**Requirement**
Write out the data again exactly, skipping every picture.
[[ Task input open ]]
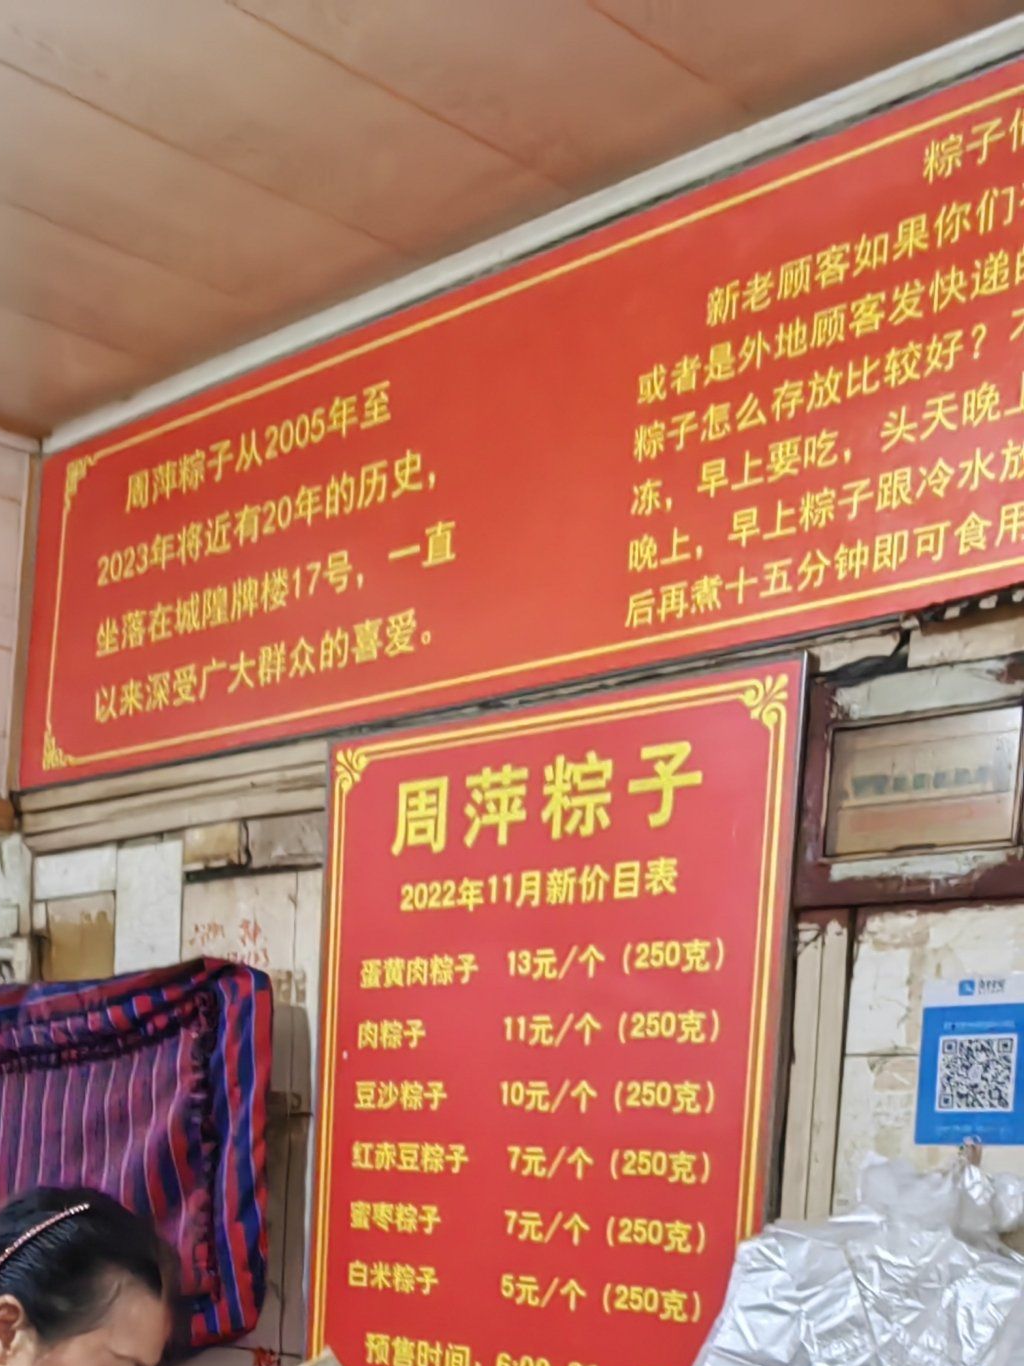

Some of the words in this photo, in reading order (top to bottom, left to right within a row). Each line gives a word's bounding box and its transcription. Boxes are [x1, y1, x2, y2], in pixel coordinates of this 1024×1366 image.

[706, 181, 1024, 327] 新老顾客如果你们
[125, 380, 392, 513] 周萍粽子从2005年至
[96, 448, 437, 587] 2023年将近有20年的历史，
[94, 607, 432, 724] 以来深受广大群众的喜爱。
[391, 740, 703, 857] 周萍粽子
[399, 856, 679, 913] 2022年11月新价目表
[359, 953, 479, 990] 蛋黄肉粽子
[357, 1018, 427, 1051] 肉粽子
[354, 1081, 448, 1112] 豆沙粽子
[351, 1140, 470, 1175] 红赤豆粽子
[349, 1200, 442, 1236] 蜜枣粽子
[347, 1259, 439, 1297] 白米粽子
[[ Task input closed ]]
**Task result**
Some of the words in this photo, in reading order (top to bottom, left to right within a row). Each line gives a word's bounding box and its transcription. Boxes are [x1, y1, x2, y2], in pixel coordinates of this 1024×1366 image.

[706, 181, 1024, 327] 新老顾客如果你们
[125, 380, 392, 513] 周萍粽子从2005年至
[96, 448, 437, 587] 2023年将近有20年的历史，
[94, 607, 432, 724] 以来深受广大群众的喜爱。
[391, 740, 703, 857] 周萍粽子
[399, 856, 679, 913] 2022年11月新价目表
[359, 953, 479, 990] 蛋黄肉粽子
[357, 1018, 427, 1051] 肉粽子
[354, 1081, 448, 1112] 豆沙粽子
[351, 1140, 470, 1175] 红赤豆粽子
[349, 1200, 442, 1236] 蜜枣粽子
[347, 1259, 439, 1297] 白米粽子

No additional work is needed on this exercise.